D’une façon ou d’une autre, tout a commencé ce jour là. Après une nuit pleine de rêves aux côtés de la belle Jane, il se lève et se dirige vers le piano. Encore assoupie, Jane se retrouve seule dans le grand lit. Les doigts de Paul effleurent le piano. On est au printemps 1965, la mélodie fige l’instant: d’une traite, comme venue directement de son rêve, Paul s’envole. Obsédé, elle est pour lui comme un nouveau né qu’il veut embellir et rendre parfaite.
A cet instant, Jane ne sait pas qu’elle est en train d’assister aux prémices d’un événement qui la dépasse, et qu’elle verra d’ailleurs de très loin. Paul, propulsé depuis quelques années déjà au rang de star internationale avec ses trois compères, est en train de s’affirmer comme un artiste à part entière. Autant que le poète musical, c’est l’homme qui prend en main son destin. Exigeant, autoritaire, il l’a toujours été. Dictant sa volonté, il a pour autant toujours du composer avec les autres. Alors que ses doigts terminent leur besogne, le rêve entre dans le réel. Sans un mot, il se lève, prend ses affaires, et sans même un regard, quitte la chambre.

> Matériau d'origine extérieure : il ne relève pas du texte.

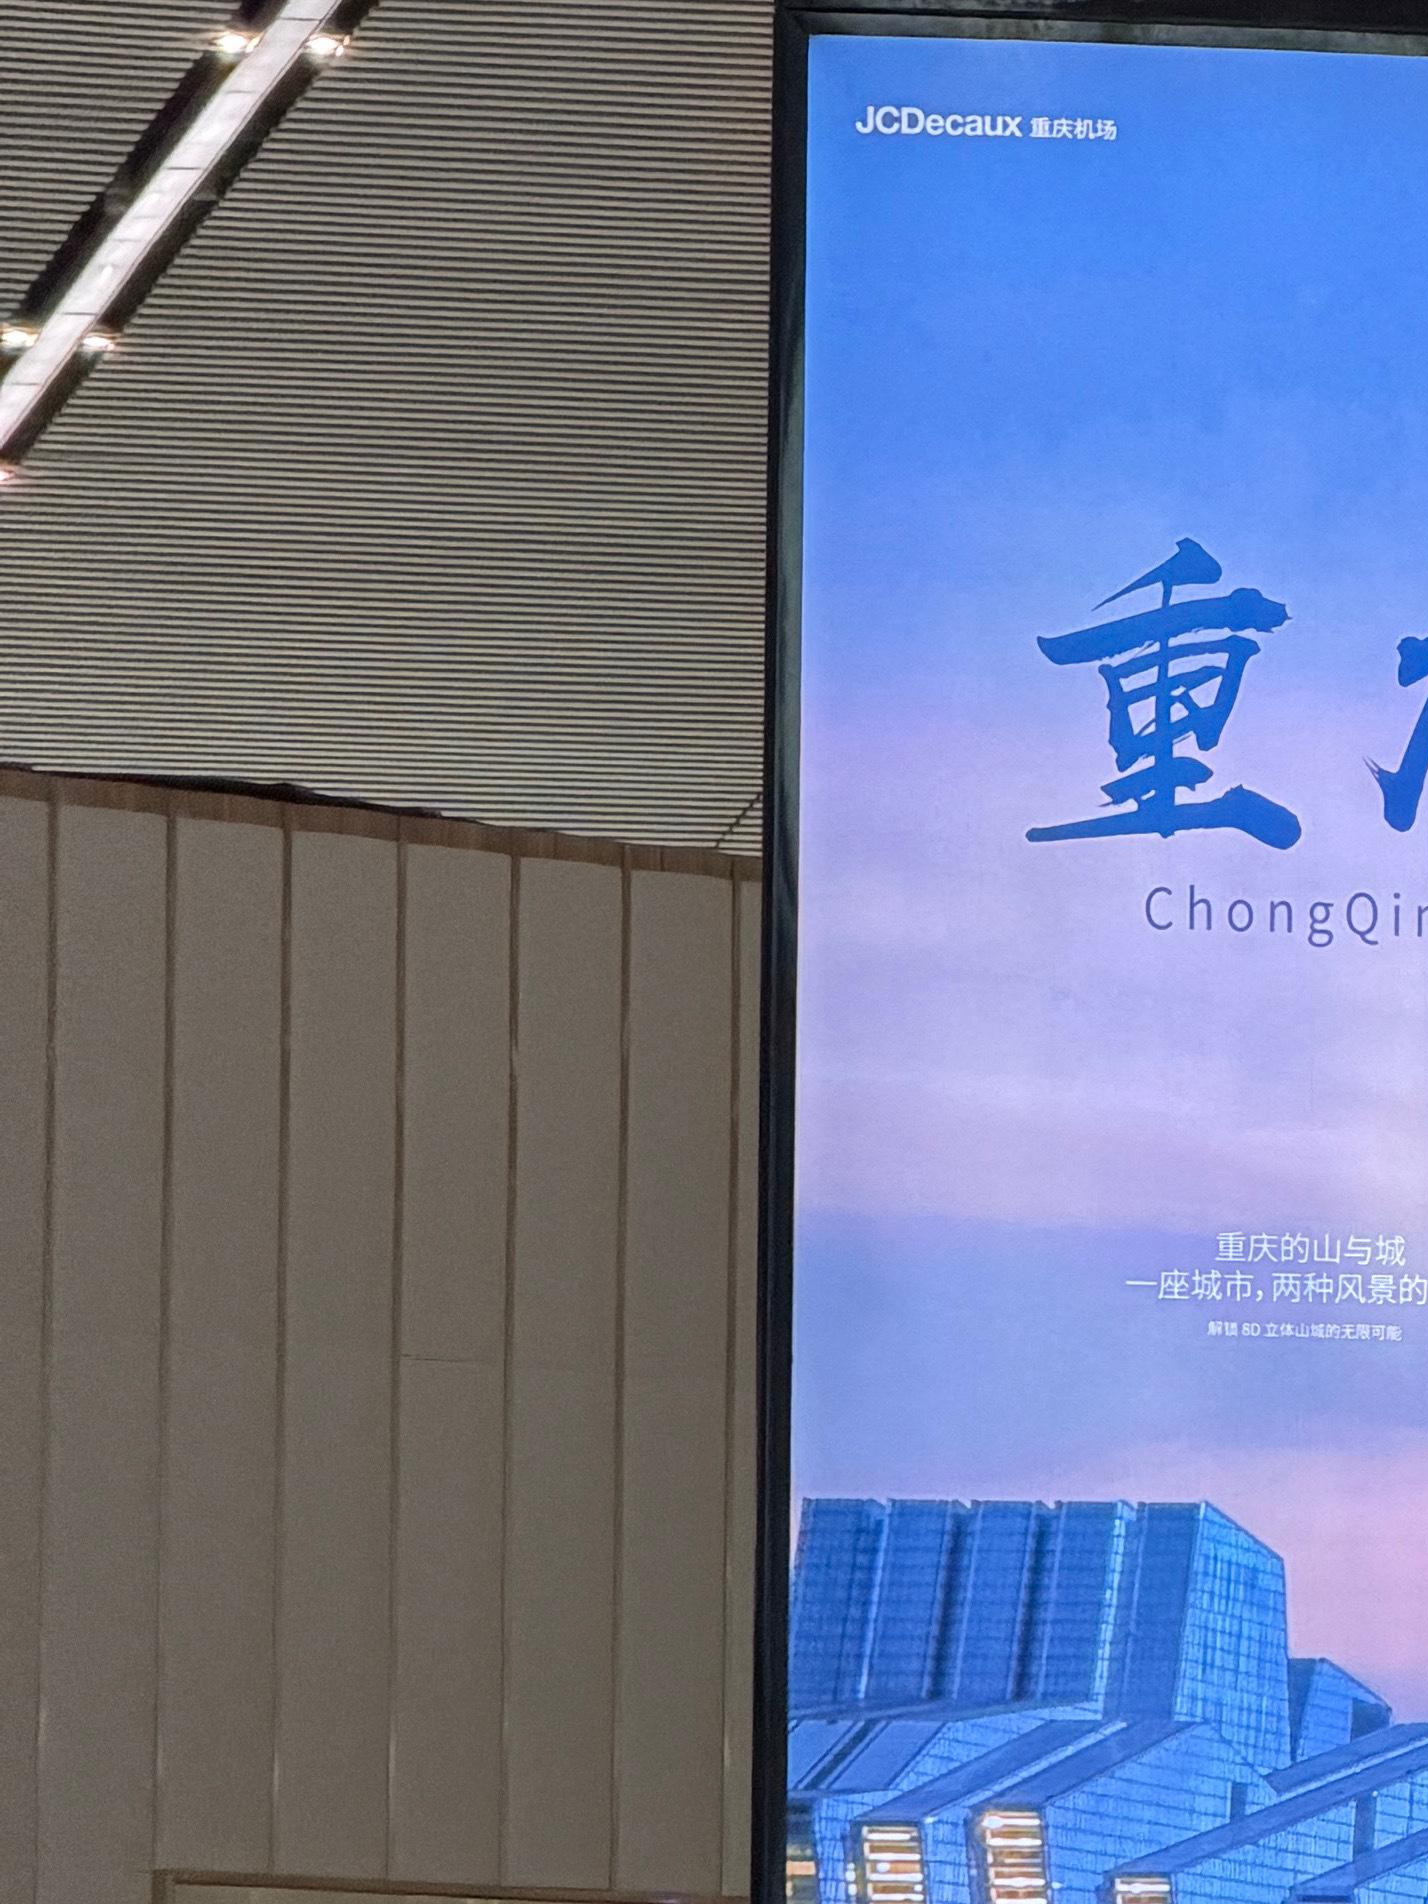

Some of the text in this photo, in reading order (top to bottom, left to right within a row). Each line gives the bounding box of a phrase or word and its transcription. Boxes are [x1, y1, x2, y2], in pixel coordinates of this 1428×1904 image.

Quelques années plus tard, Paul se lève. Il est pensif. Encore assoupie, Linda se retrouve seule dans le grand lit. Les doigts de Paul effleurent le piano. Linda se lève et s’approche en silence. Elle sait qu’il est resté de longs mois abattu après sa séparation avec les autres. De star internationale, il est passé au statut de bon musicien sans grande inspiration. Pourtant, il réfléchit jour et nuit pour trouver la formule qui pourrait lui permettre de relancer sa carrière. De l’inspiration, il en a, du talent aussi, et il le sait. Ne reste plus qu’à structurer tout cela et prouver à tous ce qu’il vaut réellement.
Lorsque l’oiseau qui s’était posé sur le rebord de la fenêtre pris son envol, il eut une sorte d’illumination. Le mouvement gracieux de ses ailes filant vers l’horizon donna a Paul l’idée qu’il cherchait depuis si longtemps. Prenant Linda à son bras, il l’assit devant le piano. Alors qu’elle s’essayait fébrilement sur cet instrument qu’elle n’avait pas touché depuis son enfance, il prit une partition et se mit à gratter frénétiquement son crayon dessus.